PROBLEM TO SOLVE: For the entries that appear below, write out the exact text and omit the pictures.

INPUT DATA:
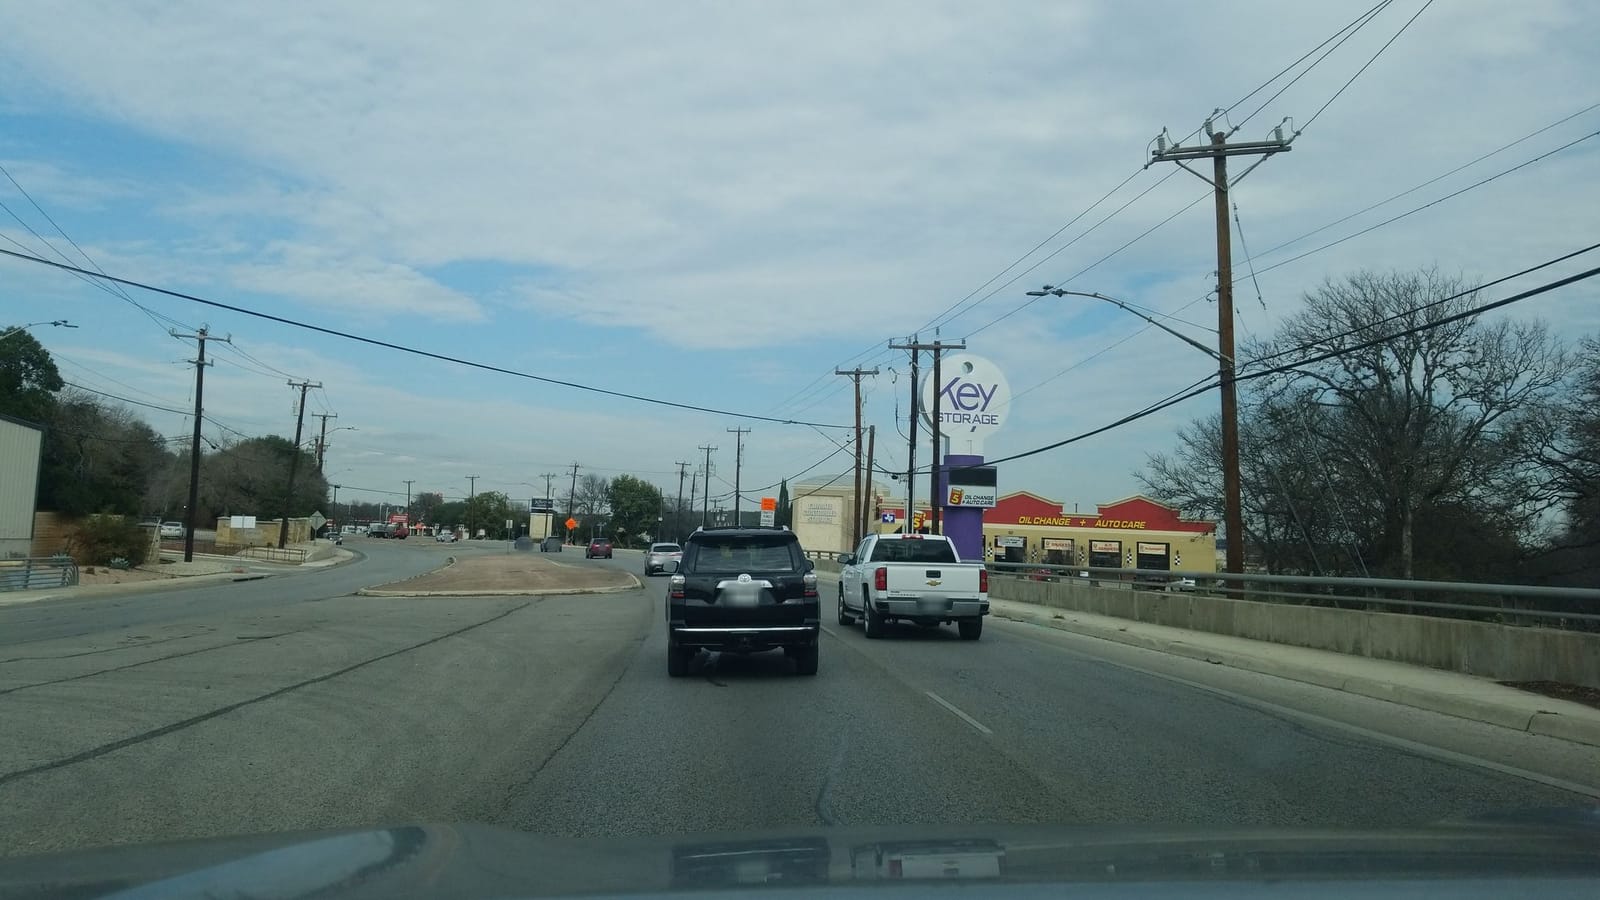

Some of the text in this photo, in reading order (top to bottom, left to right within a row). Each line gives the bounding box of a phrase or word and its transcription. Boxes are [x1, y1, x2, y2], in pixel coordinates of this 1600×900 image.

[940, 376, 998, 412] Key
[939, 412, 999, 425] STORAGE
[1018, 516, 1032, 525] OIL
[1033, 517, 1071, 526] CHANGE
[1095, 519, 1121, 528] AUTO
[1121, 521, 1146, 529] CARE
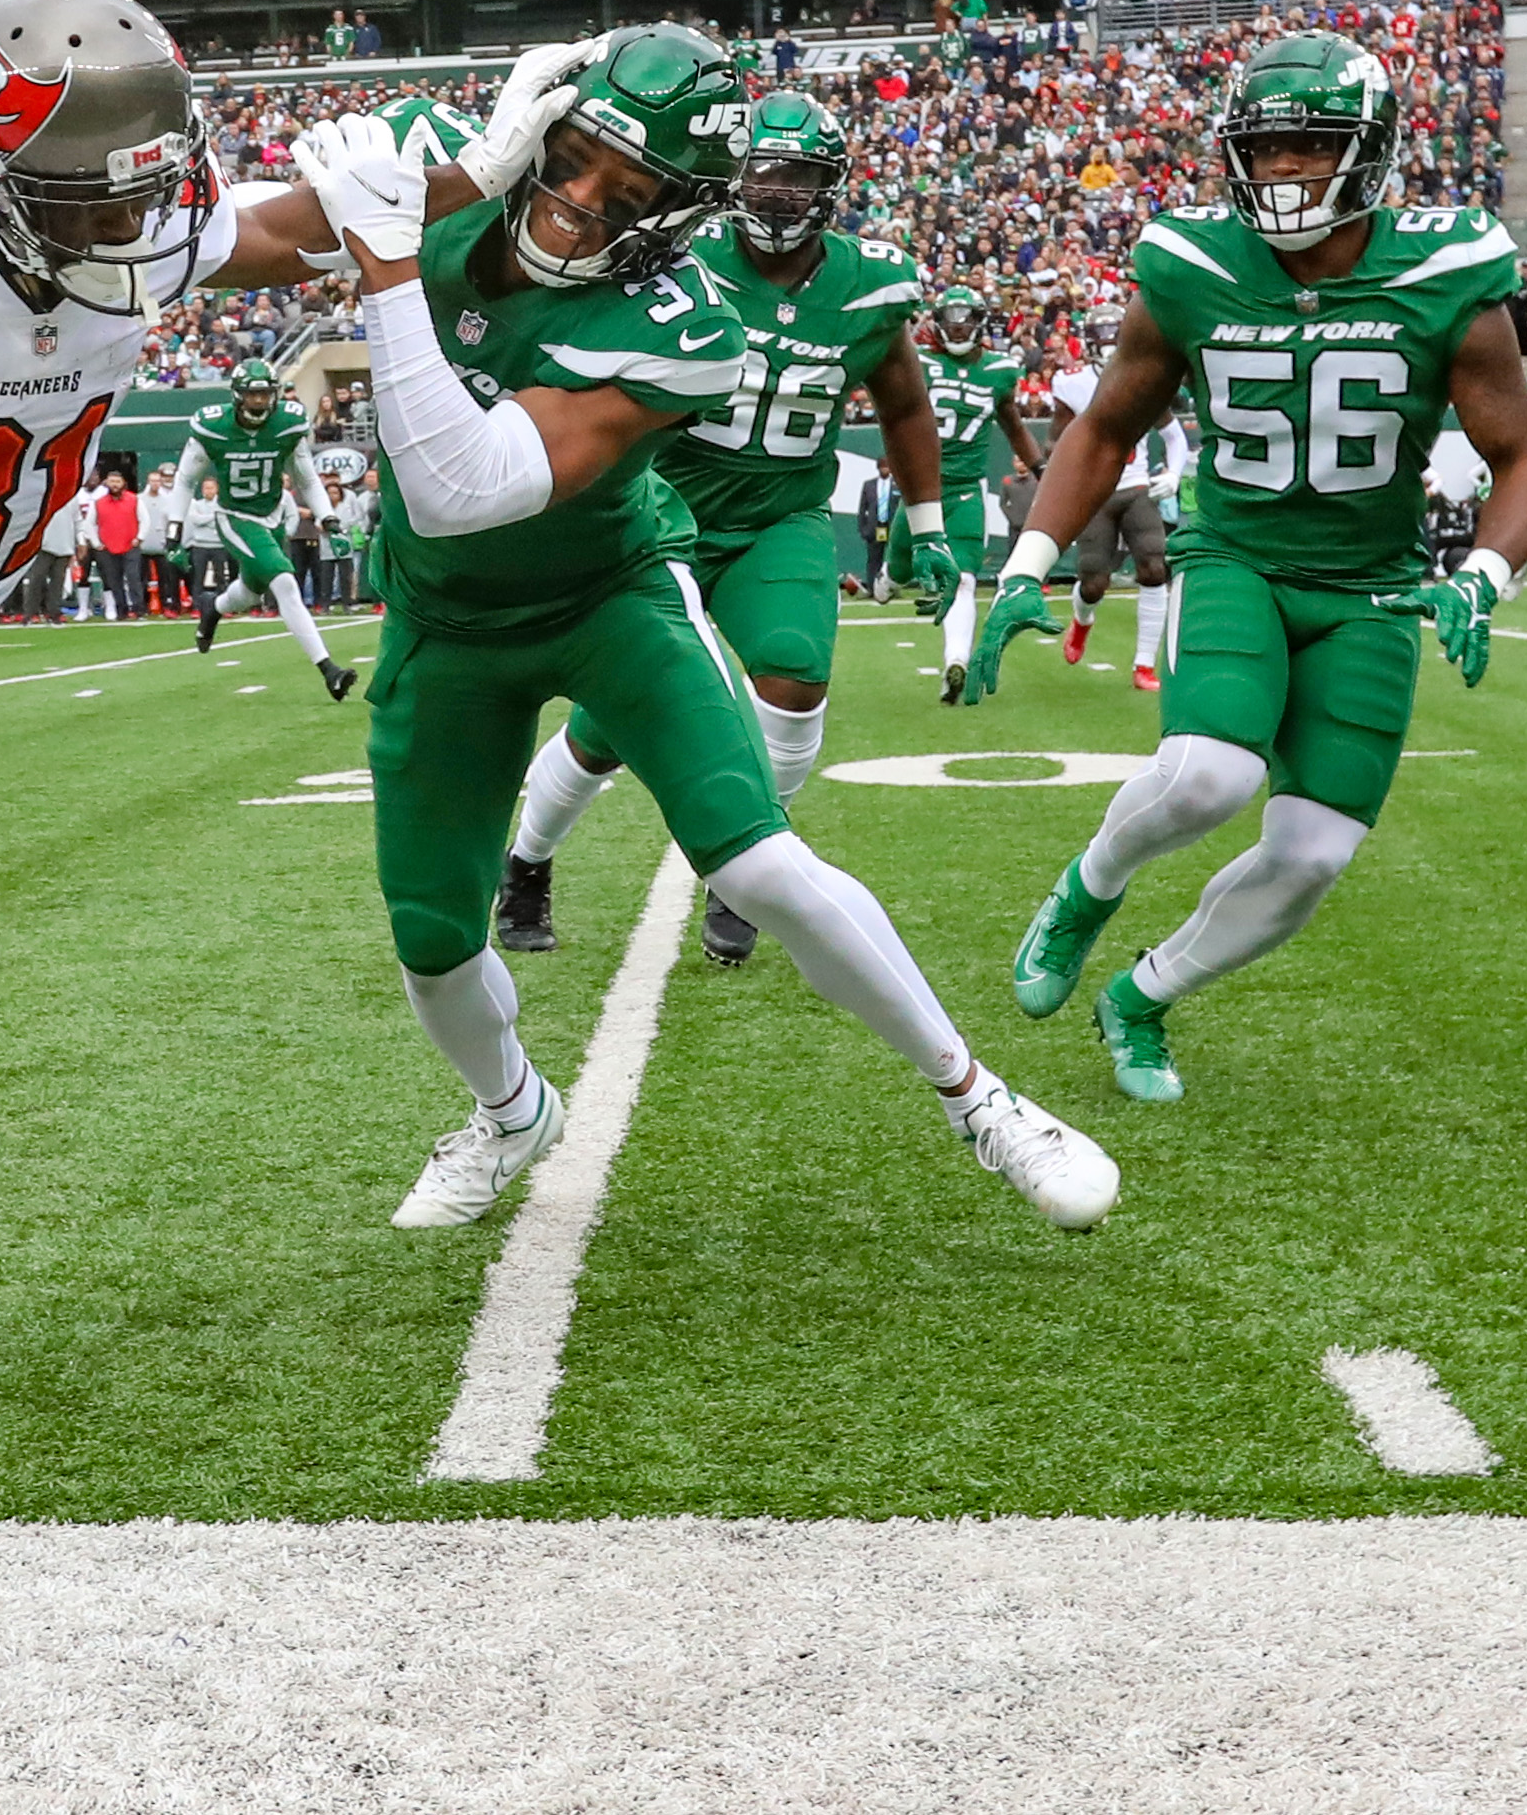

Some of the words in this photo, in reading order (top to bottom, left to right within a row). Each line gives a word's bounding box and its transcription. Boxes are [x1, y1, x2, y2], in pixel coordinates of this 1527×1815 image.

[36, 336, 56, 353] NFL
[775, 328, 849, 361] YORK
[1212, 322, 1303, 344] NEW
[1301, 321, 1406, 344] YORK
[928, 388, 995, 443] 57
[1199, 348, 1410, 495] 56
[229, 458, 274, 499] 51
[321, 457, 353, 470] FOX

REPLY:
Some of the text in this photo, in reading order (top to bottom, left to right within a row). Each line gives the bounding box of a phrase or word and its transcription. Boxes are [x1, y1, x2, y2], in pixel coordinates of this 1600×900 image.

[940, 376, 998, 412] Key
[939, 412, 999, 425] STORAGE
[1018, 516, 1032, 525] OIL
[1033, 517, 1071, 526] CHANGE
[1095, 519, 1121, 528] AUTO
[1121, 521, 1146, 529] CARE

Some of the words in this photo, in reading order (top to bottom, left to right within a row). Each line gives a word's bounding box and its transcription. Boxes are [x1, y1, x2, y2], in pixel coordinates of this 1527×1815 image.

[36, 336, 56, 353] NFL
[775, 328, 849, 361] YORK
[1212, 322, 1303, 344] NEW
[1301, 321, 1406, 344] YORK
[928, 388, 995, 443] 57
[1199, 348, 1410, 495] 56
[229, 458, 274, 499] 51
[321, 457, 353, 470] FOX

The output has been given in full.